= Cablecasting Limited =

Canadian cable television company

Cablecasting Limited (CL Systems Limited) was Canada's fifth largest cable television company serving cities in western Canada and some small towns in Ontario. The two major shareholders of the company were David R. Graham, who owned 99.1%, and Noel R. Bambrough who owned 0.1%.

They owned cable facilities in the following markets:

One of Cablecasting's cable companies

- Greater Winnipeg Cablevision
- Calgary Cable TV/FM (served Calgary North)
- Airdrie, Alberta
- Cochrane, Alberta
- Tillsonburg, Ontario
- Thames Cablevision of Strathroy, Ontario
- Allview Cable Service of St. Thomas, Ontario
- Graham Cable serving City of York and parts of Toronto
- Lakeshore Community Television serving Terrace Bay, White River, Red Rock, Nipigon, Marathon, Manitouwadge and Wawa, Ontario.

==History==

In May, 1980, a U.S. subsidiary of Cable America Inc., Cablecasting Ltd. bought up 80% of a cable company in the state of Dekalb Cablevision Inc., serving 16,000 households in De Kalb, Georgia.

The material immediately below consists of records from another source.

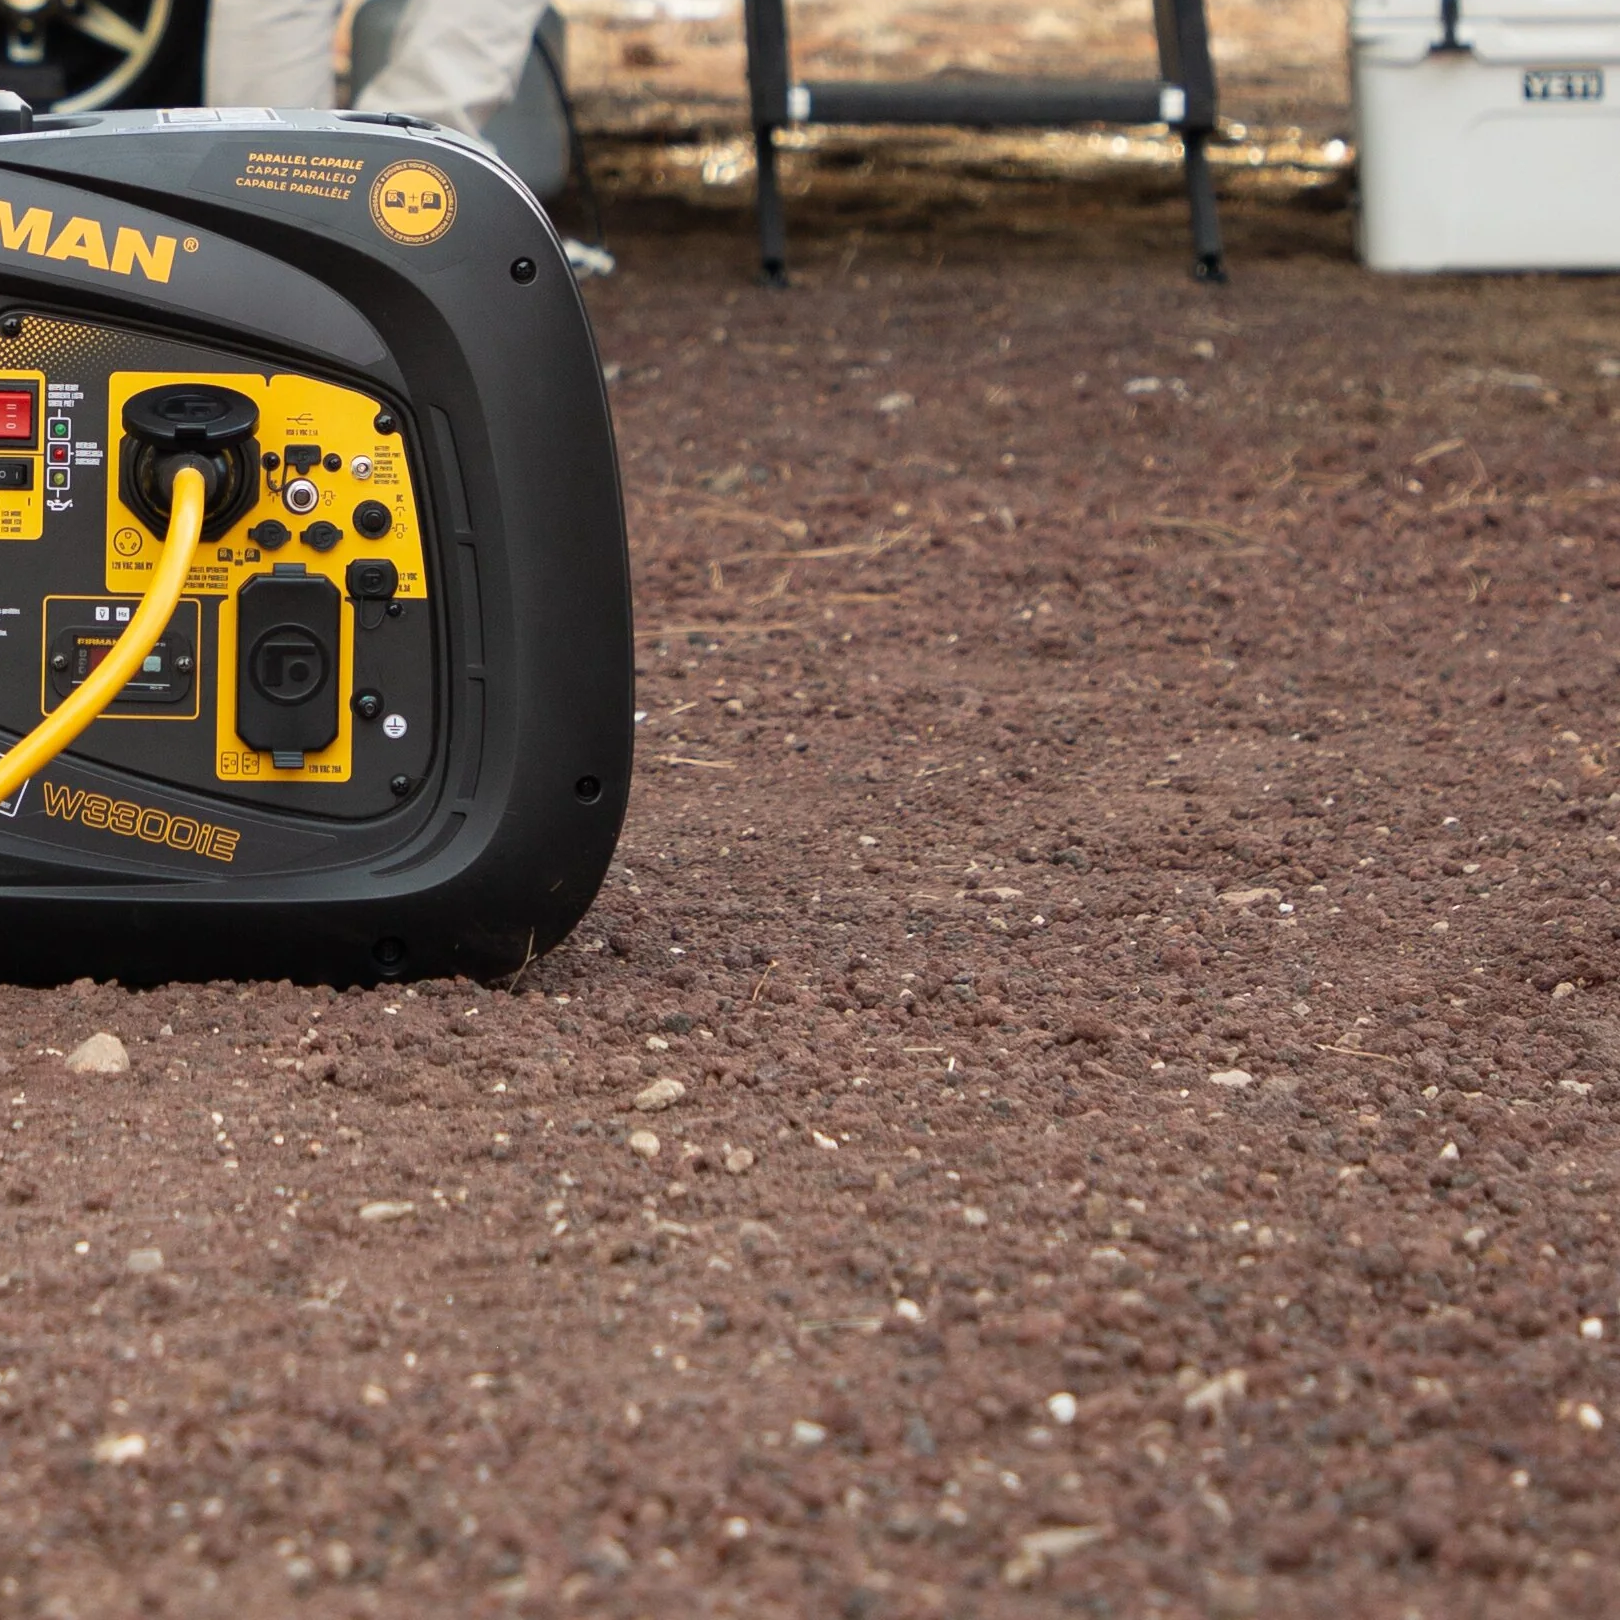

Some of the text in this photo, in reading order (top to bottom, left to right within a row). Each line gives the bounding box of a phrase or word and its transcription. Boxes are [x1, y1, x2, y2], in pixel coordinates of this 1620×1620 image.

[1526, 70, 1600, 99] YETI
[248, 153, 364, 170] PARALLEL CAPABLE
[246, 165, 357, 184] CAPAZ PARALELO
[236, 178, 351, 200] CAPABLE PARALLÈLE
[396, 494, 403, 503] DC
[123, 562, 133, 570] VAC
[309, 765, 342, 773] 120 VAC 20A
[44, 782, 240, 862] W3300iE

Before SHAW Communications bought up these assets for $307,500,000 in 1992, Cablecasting Limited had 320,000 subscribers in the systems listed above. It was the fifth largest cable company in Canada.

After an asset swap between Shaw and Rogers Cable in 2001, most of the areas formerly served by Cablecasting are now held by Rogers Cable.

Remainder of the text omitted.